Task goal
A copy of the listing below is needed, exact in every line and without images.

*** Opening of Data provided ***

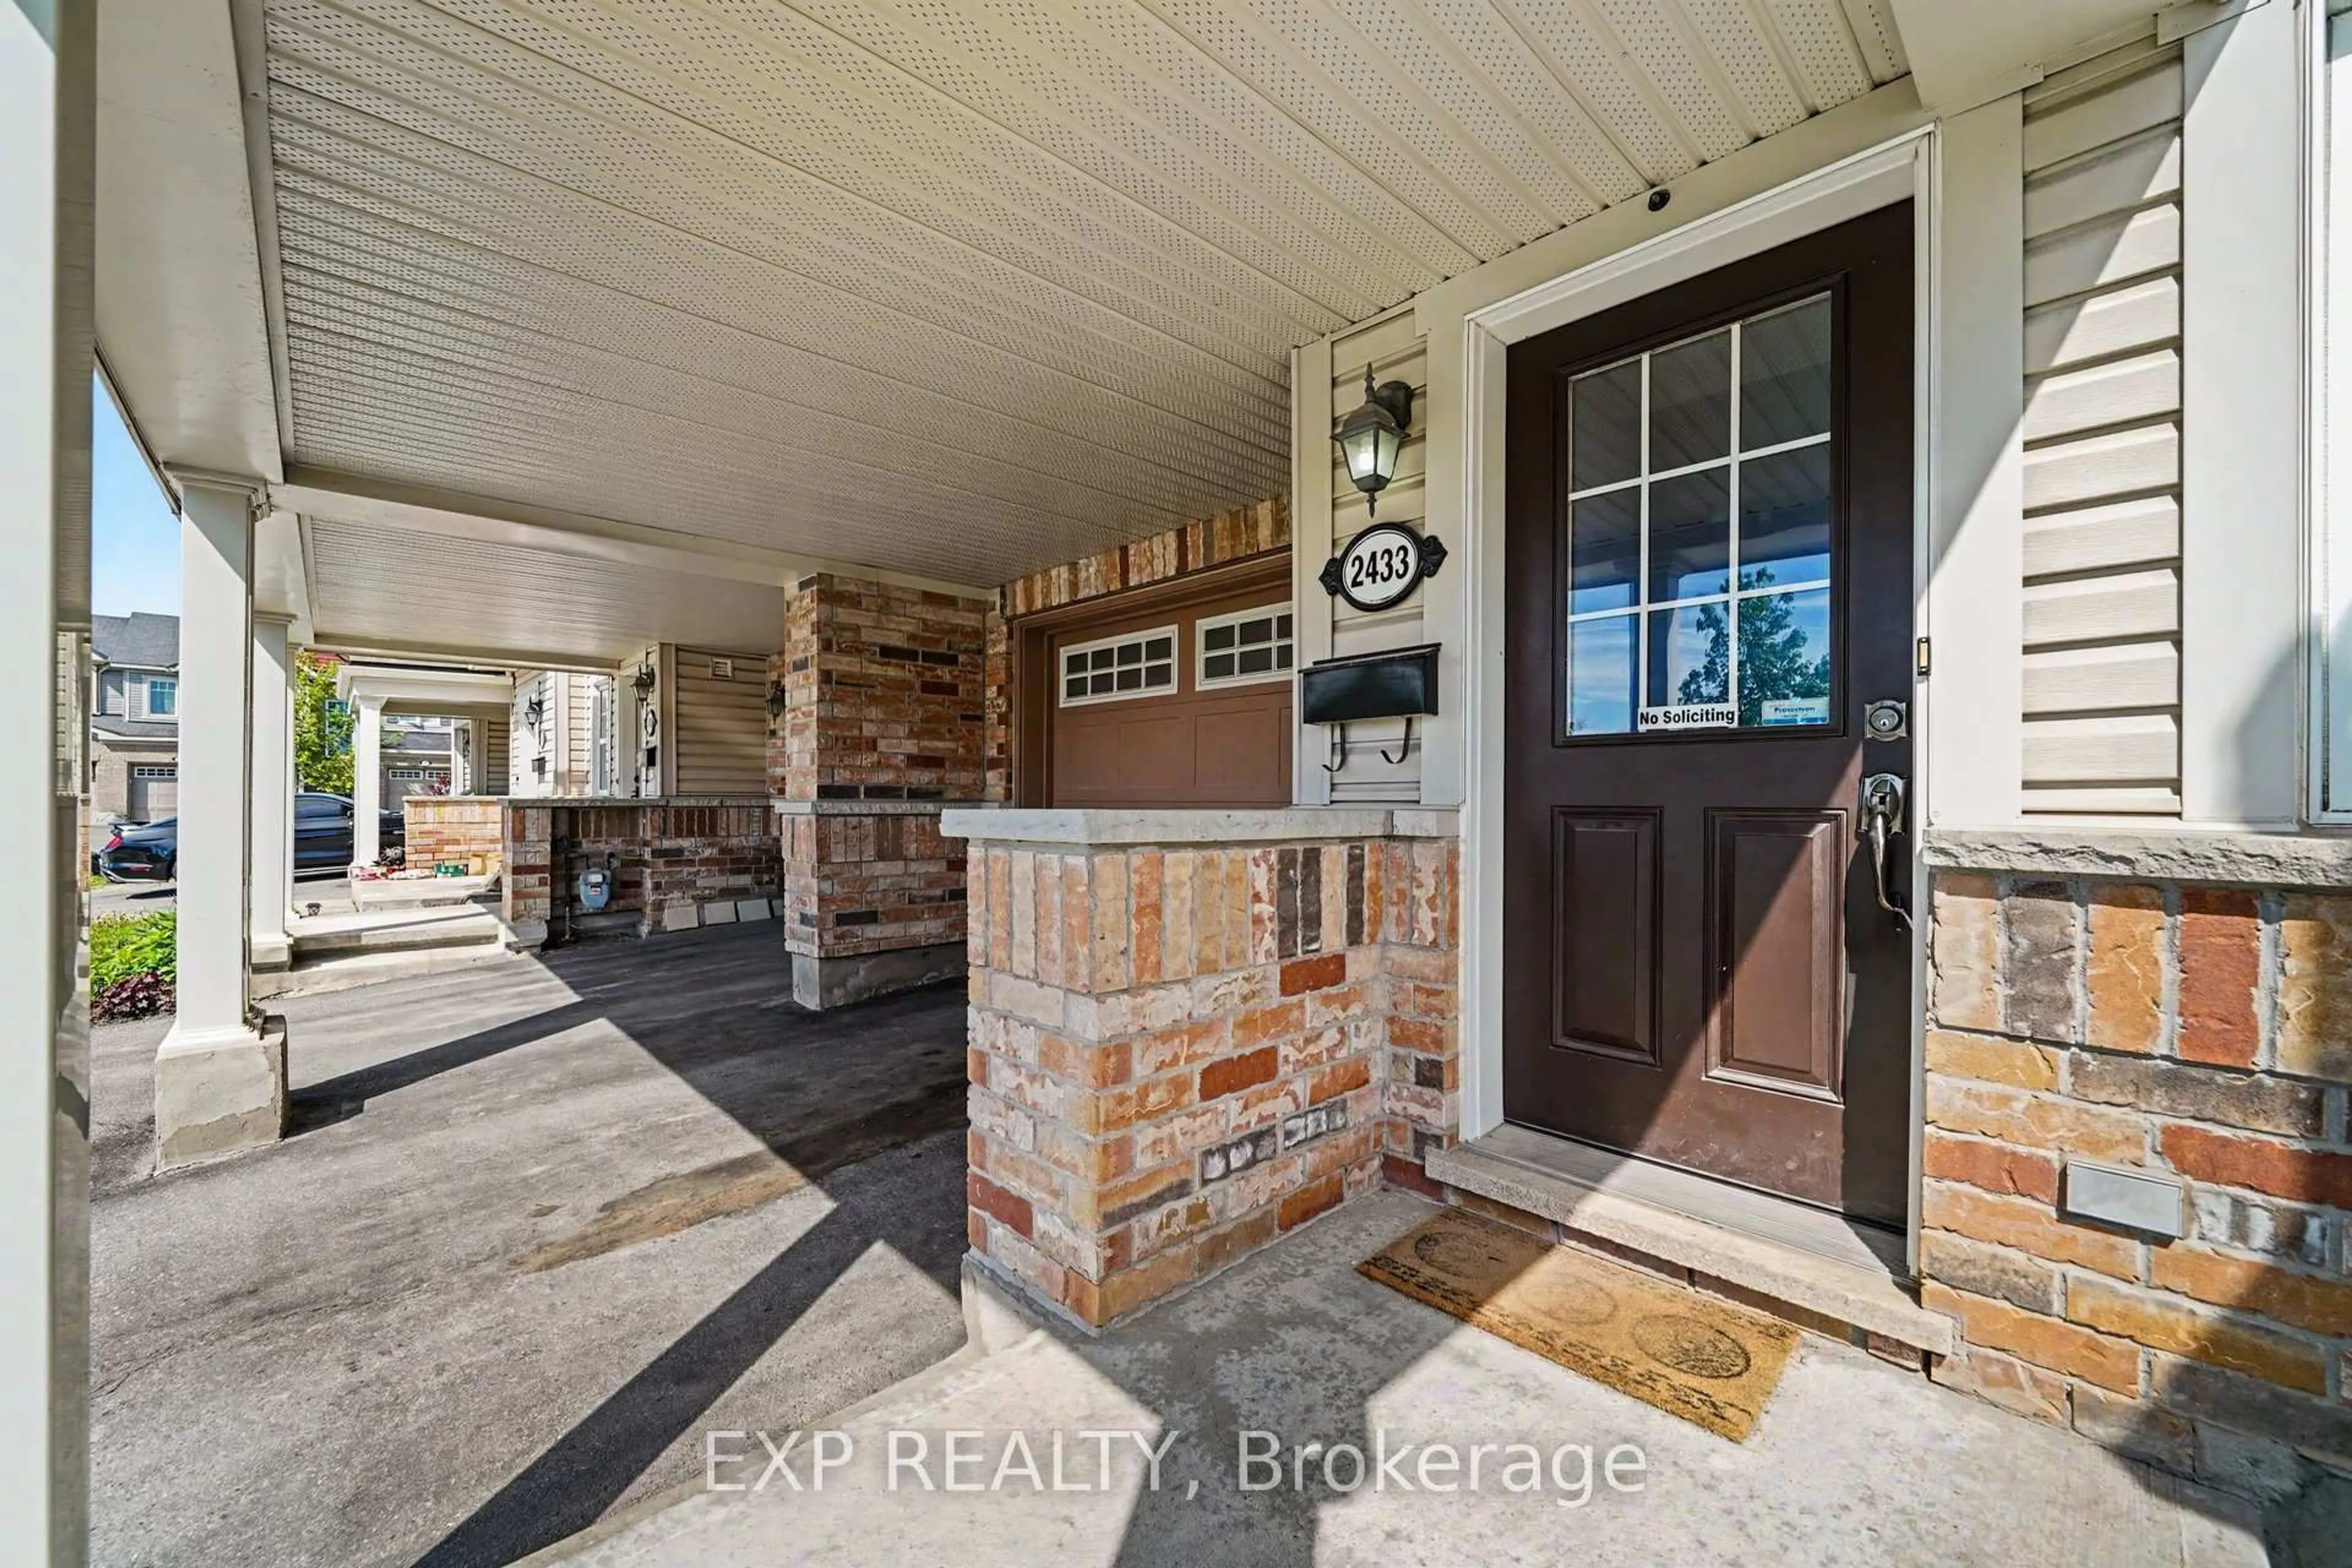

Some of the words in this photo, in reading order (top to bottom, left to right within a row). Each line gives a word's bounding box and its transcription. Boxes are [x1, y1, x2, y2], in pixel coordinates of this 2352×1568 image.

[1351, 545, 1409, 588] 2433
[1640, 712, 1658, 725] No
[1663, 708, 1735, 725] Soliciting
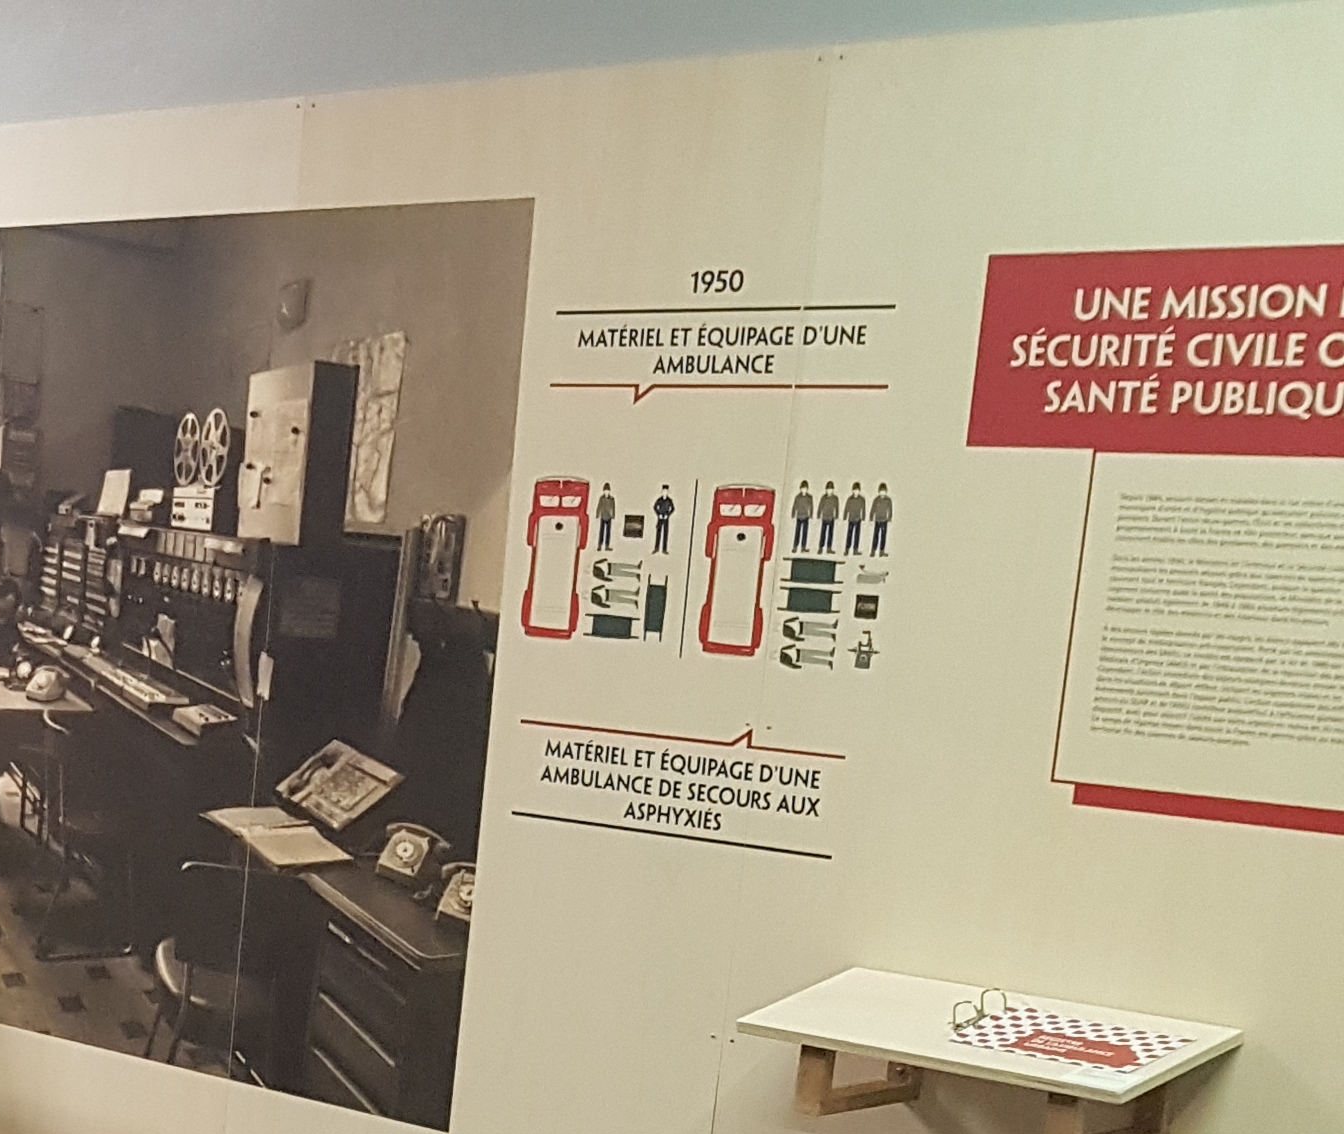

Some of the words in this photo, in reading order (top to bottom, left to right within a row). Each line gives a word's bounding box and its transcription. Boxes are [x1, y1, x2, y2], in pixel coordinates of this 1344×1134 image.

[690, 269, 745, 294] 1950
[1074, 286, 1153, 321] UNE
[1160, 283, 1328, 320] MISSION
[577, 323, 665, 348] MATÉRIEL
[670, 328, 693, 347] ET
[697, 323, 795, 348] ÉQUIPAGE
[802, 325, 867, 346] D'UNE
[1010, 326, 1176, 367] SÉCURITÉ
[1186, 332, 1308, 368] CIVILE
[1318, 332, 1344, 368] O
[652, 354, 775, 375] AMBULANCE
[1044, 373, 1160, 414] SANTÉ
[1170, 381, 1344, 420] PUBLIQU
[544, 739, 629, 767] MATÉRIEL
[634, 750, 656, 769] ET
[659, 748, 754, 782] ÉQUIPAGE
[759, 764, 822, 790] D'UNE
[540, 765, 653, 796] AMBULANCE
[658, 779, 682, 799] DE
[686, 783, 771, 811] SECOURS
[776, 794, 821, 818] AUX
[623, 802, 722, 831] ASPHYXIÉS
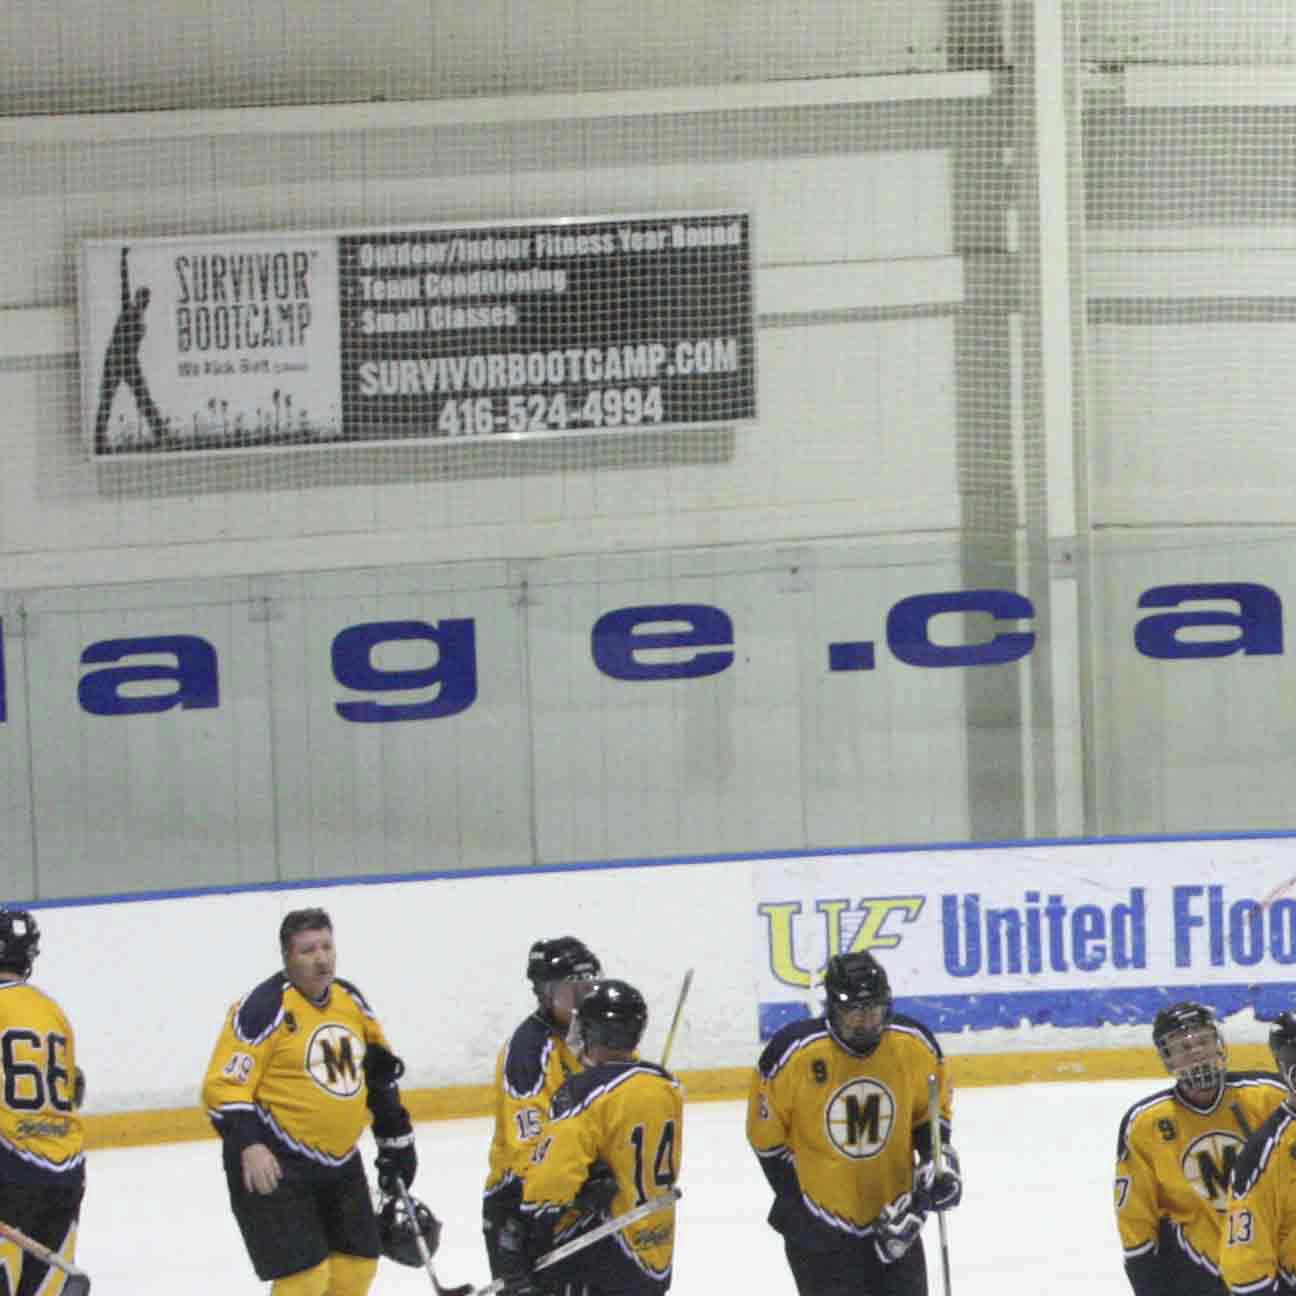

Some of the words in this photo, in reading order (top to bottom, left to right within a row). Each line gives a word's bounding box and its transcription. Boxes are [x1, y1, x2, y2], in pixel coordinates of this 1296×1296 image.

*** Close of Data provided ***

Solution to this task
Some of the words in this photo, in reading order (top to bottom, left to right within a row). Each line gives a word's bounding box and its transcription. Boxes are [x1, y1, x2, y2], in pixel coordinates of this 2352×1568 image.

[1351, 545, 1409, 588] 2433
[1640, 712, 1658, 725] No
[1663, 708, 1735, 725] Soliciting

Some of the words in this photo, in reading order (top to bottom, left to right within a row). Each line gives a word's bounding box and its transcription. Boxes are [x1, y1, x2, y2], in pixel coordinates of this 1344×1134 image.

[690, 269, 745, 294] 1950
[1074, 286, 1153, 321] UNE
[1160, 283, 1328, 320] MISSION
[577, 323, 665, 348] MATÉRIEL
[670, 328, 693, 347] ET
[697, 323, 795, 348] ÉQUIPAGE
[802, 325, 867, 346] D'UNE
[1010, 326, 1176, 367] SÉCURITÉ
[1186, 332, 1308, 368] CIVILE
[1318, 332, 1344, 368] O
[652, 354, 775, 375] AMBULANCE
[1044, 373, 1160, 414] SANTÉ
[1170, 381, 1344, 420] PUBLIQU
[544, 739, 629, 767] MATÉRIEL
[634, 750, 656, 769] ET
[659, 748, 754, 782] ÉQUIPAGE
[759, 764, 822, 790] D'UNE
[540, 765, 653, 796] AMBULANCE
[658, 779, 682, 799] DE
[686, 783, 771, 811] SECOURS
[776, 794, 821, 818] AUX
[623, 802, 722, 831] ASPHYXIÉS

Some of the words in this photo, in reading order (top to bottom, left to right within a row). Each line gives a word's bounding box and its transcription. Boxes are [x1, y1, x2, y2], in pixel coordinates of this 1296×1296 image.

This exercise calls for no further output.